Bushfires – Inside the Inferno [Episode 1]

I just watched the first episode of ‘Bushfires – Inside the Inferno’ on SBS, and the one question that baffles me is why isn’t it being shown on every TV channel?

The program is brilliant and I urge everyone to watch the next episode – SBS TV, 8.30 pm, Wednesday.

Night, night

Meeks


Bushfire awareness tips – know your wind

After the near-debacle of the other day, I realised I didn’t know anywhere near as much about bushfires as I thought I did. So I asked for some help from those who do. The following tips are ‘rule of thumb’ only, but so much better than nothing.

1. Know your wind

Any wind will push the bushfire in front of it, so knowing where the wind is coming from tells you where it’s going to, roughly. In the graphics below, the blue arrows show wind direction. The red arrows show where the wind will push the fire from the point of ignition – i.e. from the point at which the fire starts.

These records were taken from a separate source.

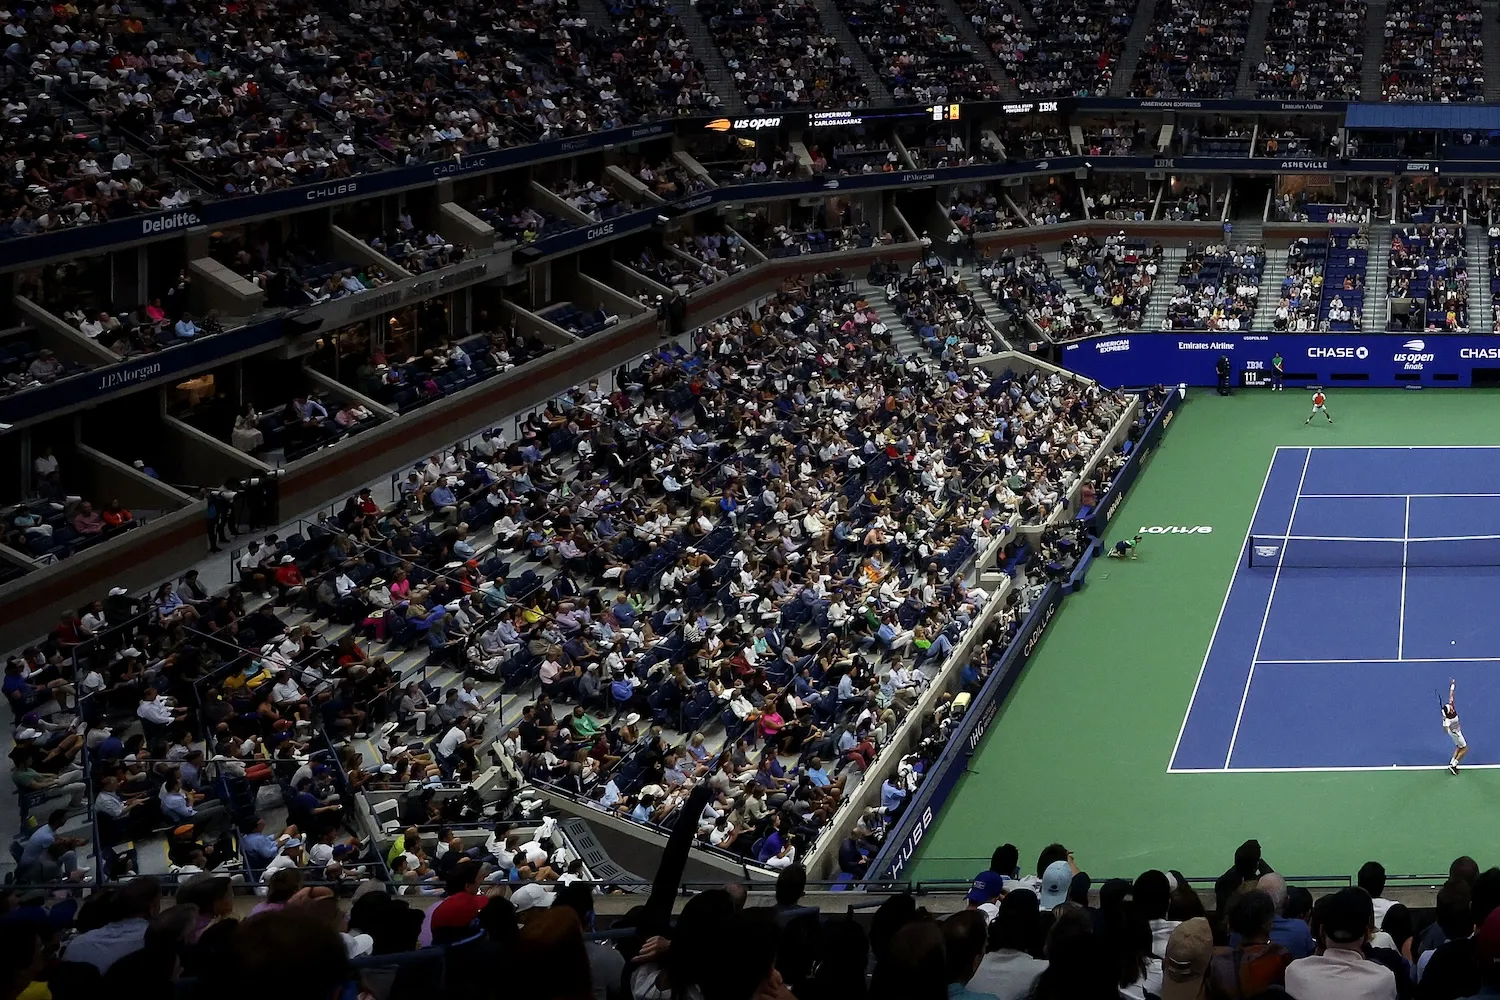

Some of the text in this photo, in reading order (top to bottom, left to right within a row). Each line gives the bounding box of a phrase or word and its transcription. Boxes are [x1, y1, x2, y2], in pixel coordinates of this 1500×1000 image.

[1039, 102, 1058, 112] IBM
[734, 117, 781, 130] us open
[814, 119, 836, 127] CARLOS
[836, 118, 862, 126] ALCARAZ
[433, 158, 487, 176] CADILLAC
[1154, 158, 1175, 168] IBM
[1281, 161, 1328, 169] ASHEVILLE
[1406, 163, 1430, 171] ESPN
[306, 182, 357, 200] CHUBB
[142, 212, 201, 234] Deloitte.
[587, 223, 614, 240] CHASE
[1095, 339, 1129, 349] AMERICAN
[1178, 341, 1235, 350] Emirates Airline
[1100, 345, 1130, 354] EXPRESS
[1307, 347, 1354, 358] CHASE
[1393, 353, 1435, 364] us open
[1246, 360, 1264, 370] IBM
[1404, 362, 1424, 370] finals
[1244, 371, 1257, 382] 111
[1138, 525, 1213, 534] 9/11/01
[1023, 602, 1056, 658] CADILLAC
[969, 720, 984, 750] IHG
[888, 805, 933, 881] HUBB

– A north wind will push the fire to the SOUTH. [i.e. the wind is coming from the north so the fire is pushed to the south]

bushfire wind 1

A north westerly wind will push the fire in a SOUTH EASTERLY direction. [i.e. the wind is coming from the north west so the fire is pushed to the south east]

bushfire wind 2

A north easterly wind will push the fire in a SOUTH WESTERLY direction. [i.e. the wind is coming from the north east so the fire is pushed to the south west].

bushfire wind 3

The Bureau of Meteorology posts forecasts for heat and wind on its website every day. This is the forecast wind for today, January 16, 2014 :

“Winds northerly 15 to 20 km/h tending northwesterly in the early afternoon then becoming light in the late afternoon.”

I’ve just been outside [11.15am] and didn’t notice a wind…yet. Once it starts however, I’ll be keeping an even more wary eye on the Kangaroo Ground fire. It’s contained at the moment, but if it breaks out it will be heading south towards North Warrandyte.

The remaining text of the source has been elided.